The other aspect of susceptibility that requires discussion in order to effectively answer
the question is the susceptibility to remedies of each individual. Kent discusses this and states that only ‘enough medicine must be given to establish order’. In this he possible refers to the fact that individual people will react differently to potencies to support their vital force strength to bring about homeostasis and cure the disease in question. He continues to describe the fact that some people may have slow reactions to remedies, thus slowing the process of healing down if doses are repeated and conversely some people with a high susceptibility to remedies can have adverse reactions to repeated doses. Here one can see the ethos of Homeopathy being echoed in Kent’s writing, that of Hahnemann’s first and second aphorisms, ‘the sole mission of the physician is to cure rapidly, gently and permanently’.
The remedy selection itself is of high importance in ensuring that the similimum is achieved by effective case taking, rubric selection and repertorisation in order to ensure the holistic aspects of patient case picture and symptomatology that resonates with the individual’s vital force a cure can be achieved in the least harmful and quickest way. The similimum itself is key to the aspect of susceptibility, predisposition and inheritance as Yasgur describes it as ‘the remedy that most closely corresponds to the totality of symptoms. The one, that when found is always curative.’ However, it is not just the remedy picture within the similimum that needs to be taken into consideration. The energetic picture of the patient needs to be carefully considered in relation in potency selection. As discussed individuals are susceptible of two levels, one being the disease and one being the remedy itself. Here the homeopath, when taking the case needs to carefully assess the potency of the symptoms present, the energy of the miasmatic taint and the pathology of disease to facilitate the direction to cure of the patient through the similimum matching in all aspects with correct potency selection to gently direct the cure without possibility of aggravation or prolonged suffering with a potency that is too high or too low.
Hahnemann, discusses an example of how the patient remedy selection, curative approach and miasmatic influence in the organon in an example where he highlights the symptoms disappearing but later returning on a deeper level. Here he asserted that failing to match the remedy and potency to the exact similimum and underlying miasm did fully bring about the cure he and the patient were looking for.
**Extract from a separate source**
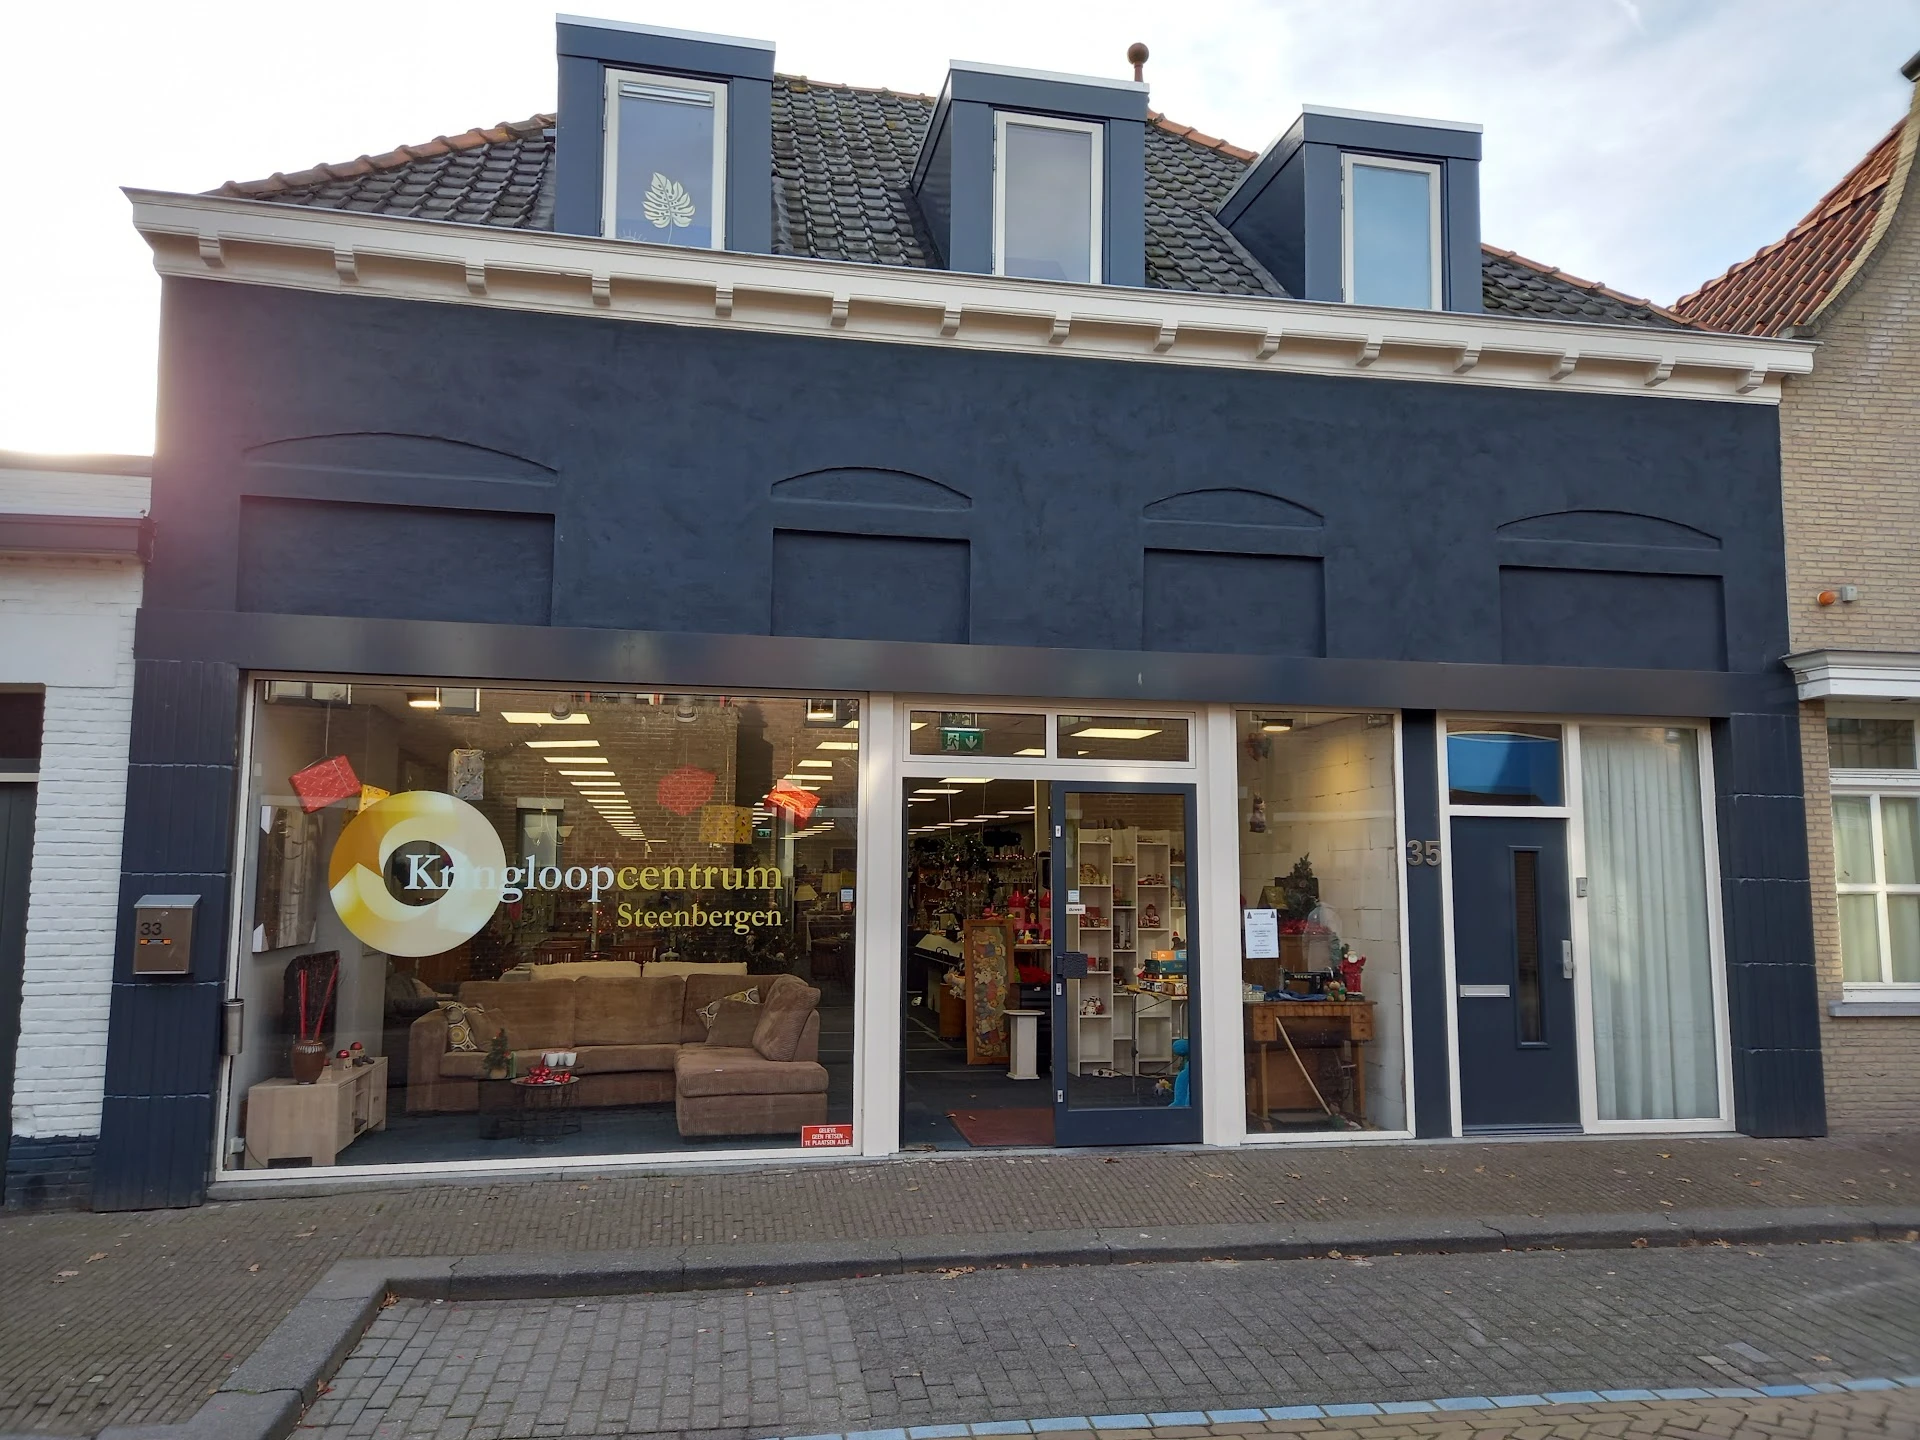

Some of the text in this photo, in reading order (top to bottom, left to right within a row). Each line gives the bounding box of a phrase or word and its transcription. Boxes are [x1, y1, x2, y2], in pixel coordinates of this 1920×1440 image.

Taking the highlighted philosophical information into consideration it can be argued that susceptibility, inheritance and predisposition are inter-dependable in relation to homeopathic case taking, prescribing and treatment. The modus operandi of the similimum is to act upon the vital force to bring about a homeostasis within the miasmatic taint, predisposition and susceptibility of a patient in order to cure the disease(s) being experienced. However, the challenge is find the similimum on all levels so the remedy can perform the gentle miracles that is the true essence of homeopathy.